La colère du monde agricole européen gronde depuis des mois


Tracteurs jaunes contre Tartuffes verts et bleus
Marc Fesneau, le ministre de l'Agricultre et de la Souveraineté alimentaire, lors des Questions au gouvernement à l'Assemblée nationale, le 23/1/2024 JEANNE ACCORSINI/SIPA

Les agriculteurs français ont suivi l’exemple de leurs collègues allemands en lançant un grand mouvement de révolte pour attirer l’attention générale sur leur sort. En réalité, ils manifestent leur colère depuis longtemps, mais les élites politico-médiatiques n’avaient pas daigné les écouter. Maintenant que les élections européennes s’approchent avec une victoire probable des partis dits « populistes », les institutions de l’UE et les gouvernements nationaux finiront peut-être par comprendre ce qui est en jeu.
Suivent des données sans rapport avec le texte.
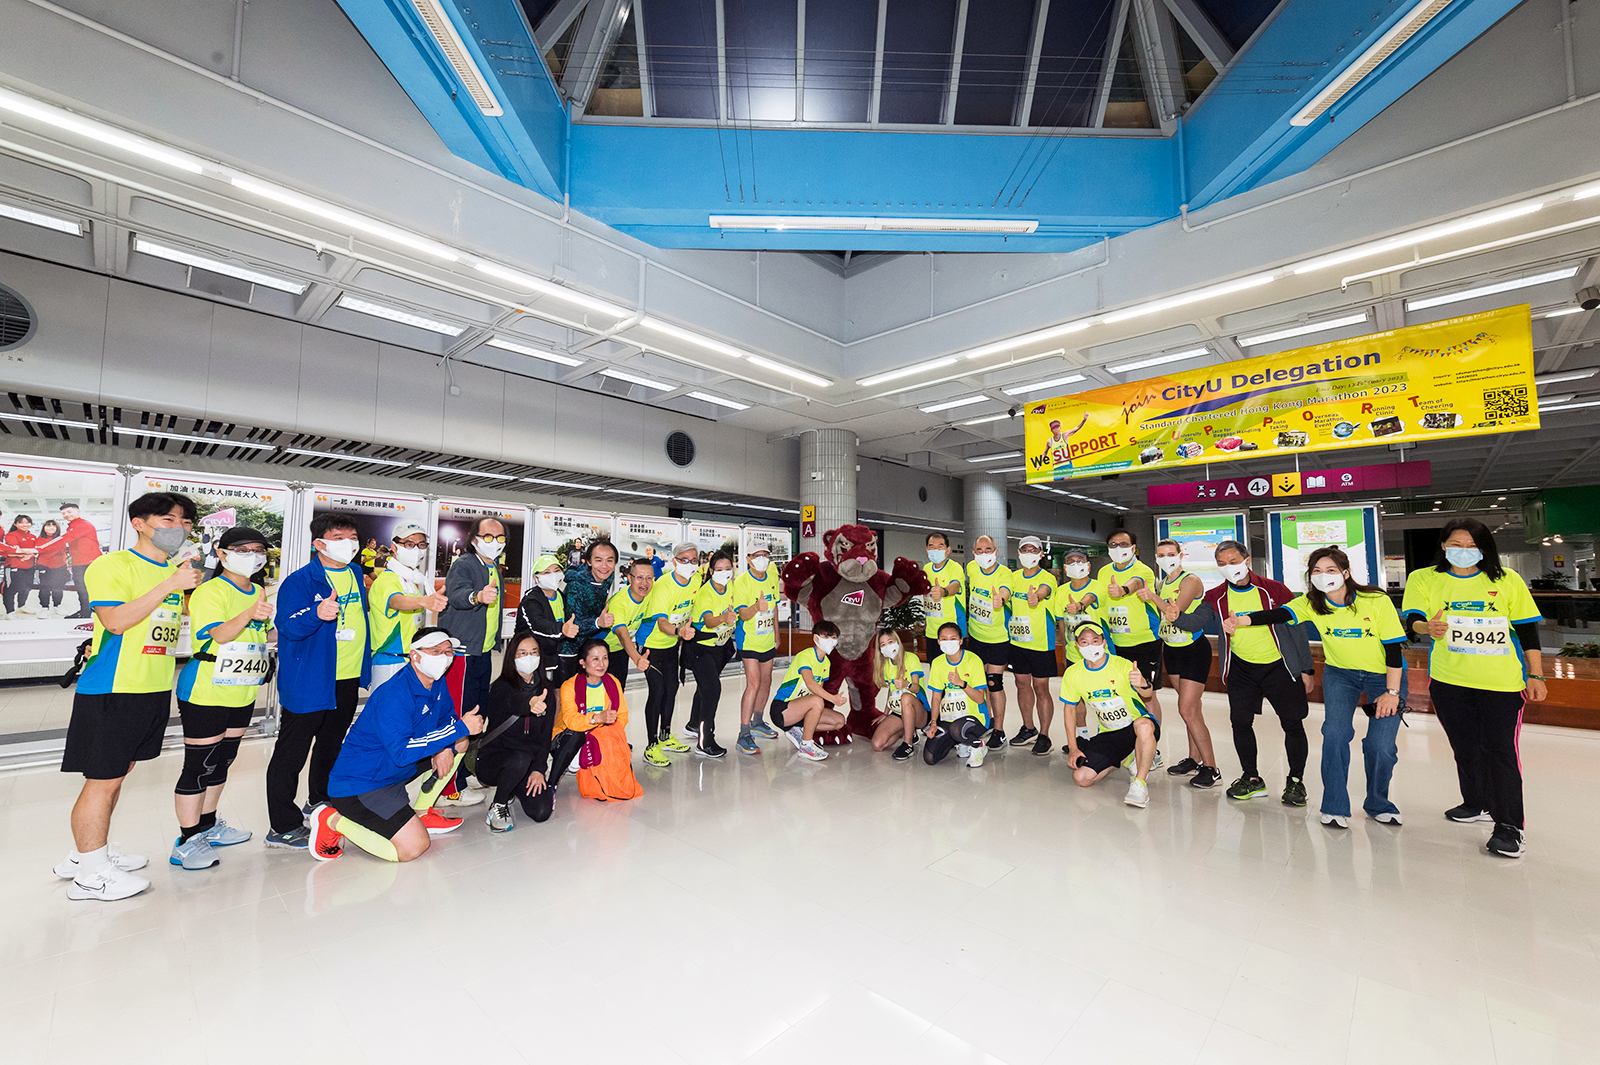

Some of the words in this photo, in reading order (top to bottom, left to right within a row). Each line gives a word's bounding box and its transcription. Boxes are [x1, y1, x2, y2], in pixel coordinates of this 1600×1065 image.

[1122, 394, 1156, 425] join
[1162, 378, 1222, 401] CityU
[1231, 352, 1381, 389] Delegation
[1139, 418, 1182, 431] Standard
[1185, 409, 1237, 423] Chartered
[1240, 405, 1269, 415] Hong
[1273, 400, 1303, 410] Kong
[1307, 389, 1368, 405] Marathon
[1373, 383, 1407, 396] 2023
[1421, 403, 1454, 411] Cheering
[1030, 455, 1050, 468] We
[1053, 432, 1117, 462] SUPPORT
[1225, 483, 1240, 496] A
[1250, 482, 1267, 492] 4F
[804, 524, 813, 535] A
[970, 604, 991, 618] P2367
[1010, 626, 1030, 634] P2988
[1452, 630, 1505, 644] P4942
[220, 659, 268, 673] P2440
[941, 701, 966, 712] K4709
[1096, 708, 1127, 721] K4698
J’ai bien aimé écouter Fabien Roussel à la radio hier matin. À tout le moins, je l’ai trouvé convaincant lors des dix premières minutes de son interview avec Sonia Mabrouk, car dès qu’on a commencé à évoquer la future loi sur l’immigration probablement détricotée par le Conseil Constitutionnel, je me suis rappelé pourquoi il était impossible que je vote pour un homme comme lui, sauf s’il se retrouvait face à Jean-Luc Mélenchon au deuxième tour des élections présidentielles.
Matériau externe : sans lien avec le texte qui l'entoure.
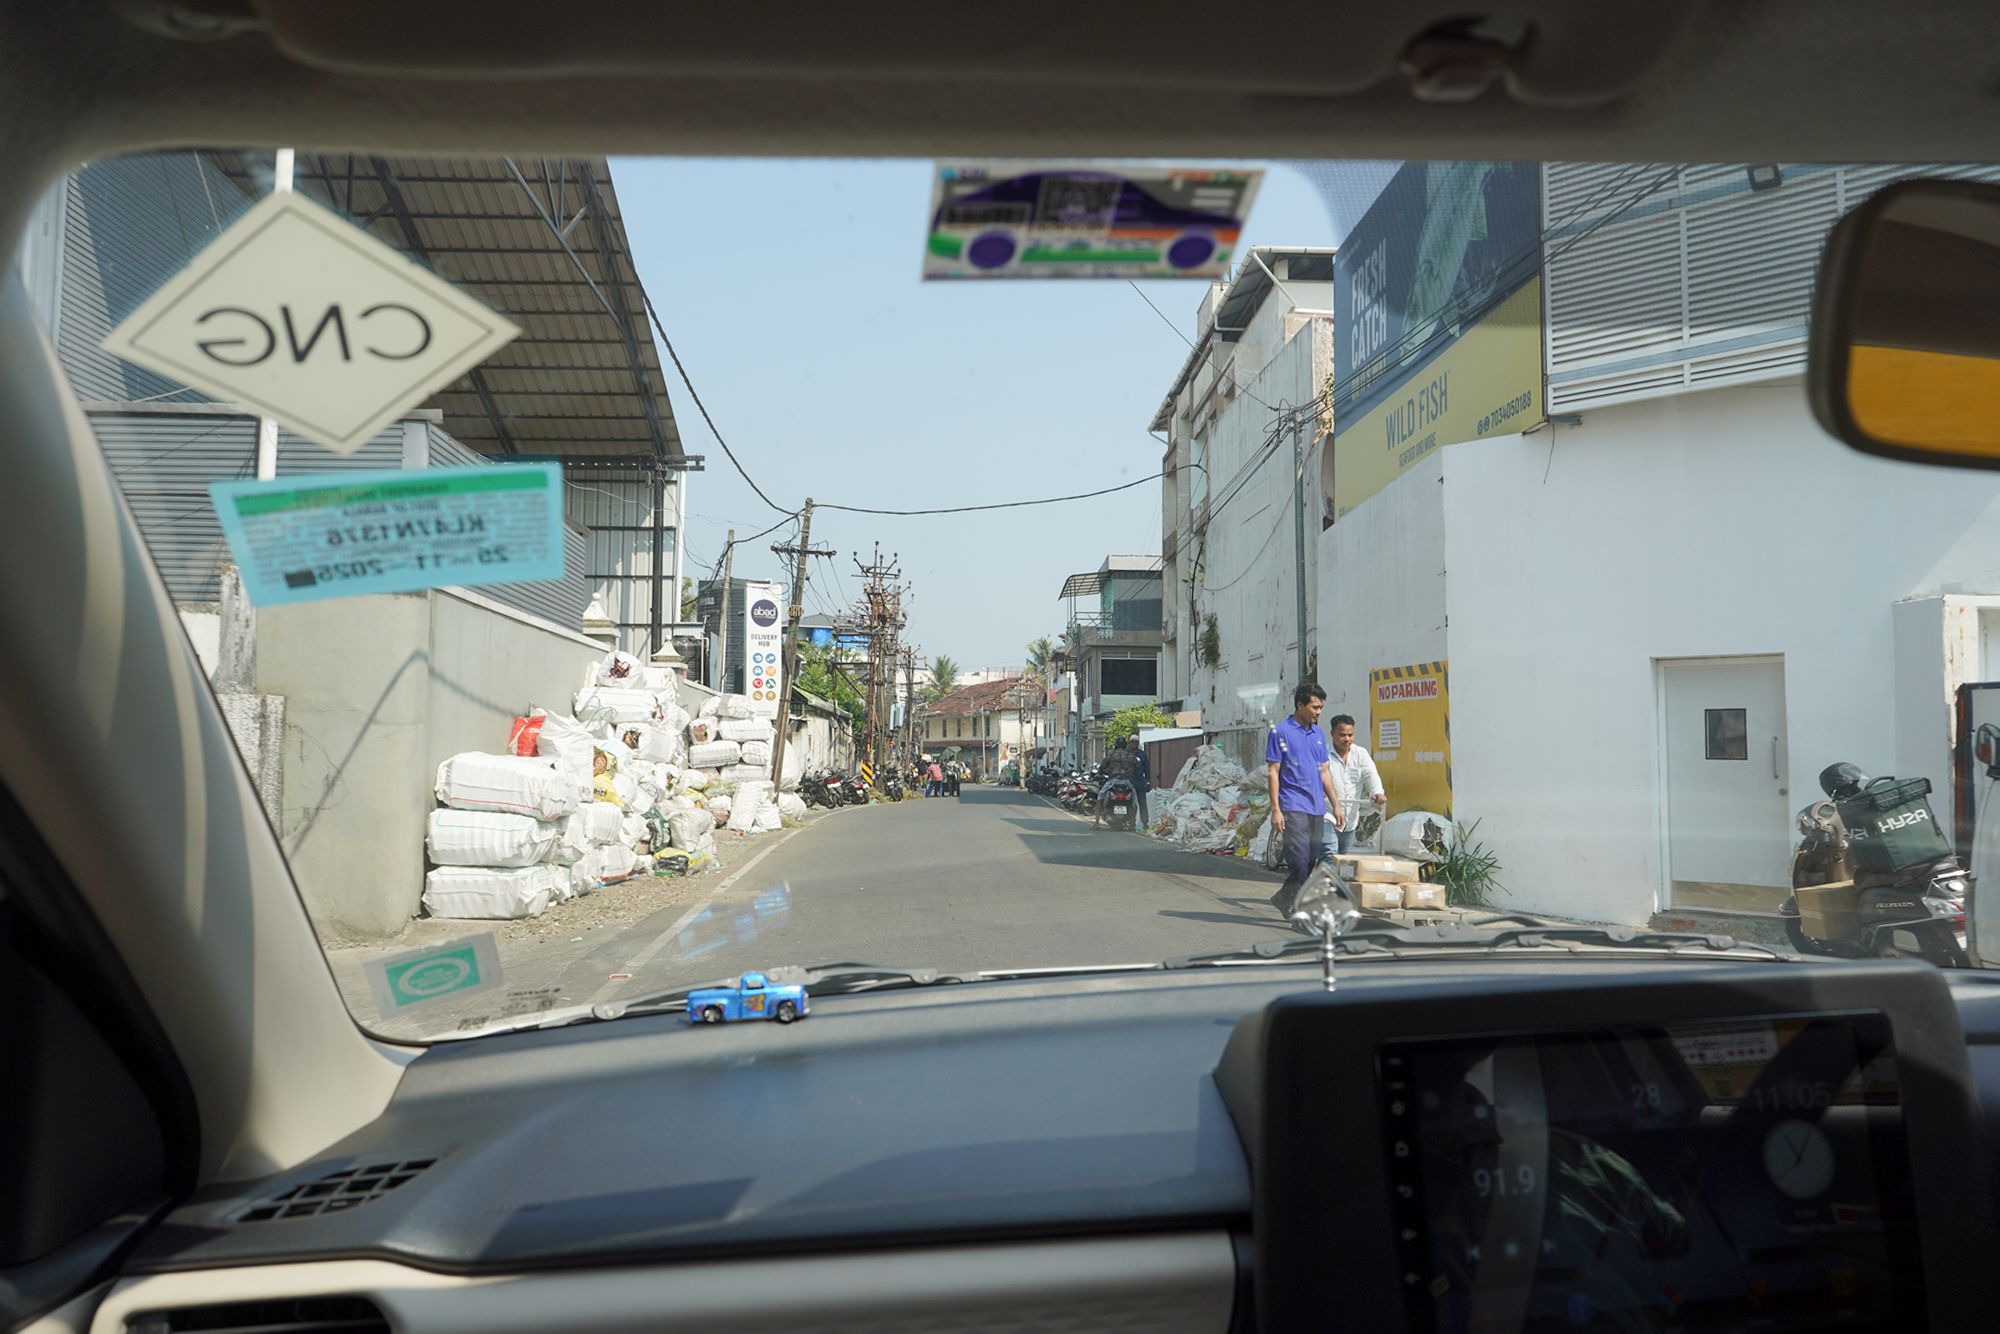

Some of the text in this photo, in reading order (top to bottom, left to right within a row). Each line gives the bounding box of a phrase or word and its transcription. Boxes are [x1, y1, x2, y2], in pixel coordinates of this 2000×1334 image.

[1352, 238, 1387, 320] FRESH
[1352, 294, 1387, 370] CATCH
[1385, 397, 1415, 451] WILD
[1419, 373, 1448, 430] FISH
[753, 606, 777, 618] abad
[751, 633, 777, 641] DELIVERY
[758, 640, 770, 648] HUB
[1378, 680, 1437, 701] NO PARKING
[1876, 808, 1929, 834] HYZA
[1630, 1082, 1661, 1110] 28
[1472, 1164, 1537, 1199] 91.9
Fabien Roussel se place résolument du côté des agriculteurs en colère et je trouve qu’il a bien raison. Il a rappelé à juste titre que c’était eux qui nous nourrissaient, et si je me souviens bien du contenu de la pyramide de Maslow, la nourriture, en tant qu’elle répond à un besoin physiologique, est tout en bas de la pyramide, elle en constitue une des bases. Si on peut réfléchir au dérèglement climatique, c’est parce qu’on a le ventre plein. Or, depuis plusieurs années, tout semble être fait pour que nos agriculteurs ne puissent plus assurer leur fonction nourricière, pour que leur labeur ne leur permette plus de vivre eux-mêmes.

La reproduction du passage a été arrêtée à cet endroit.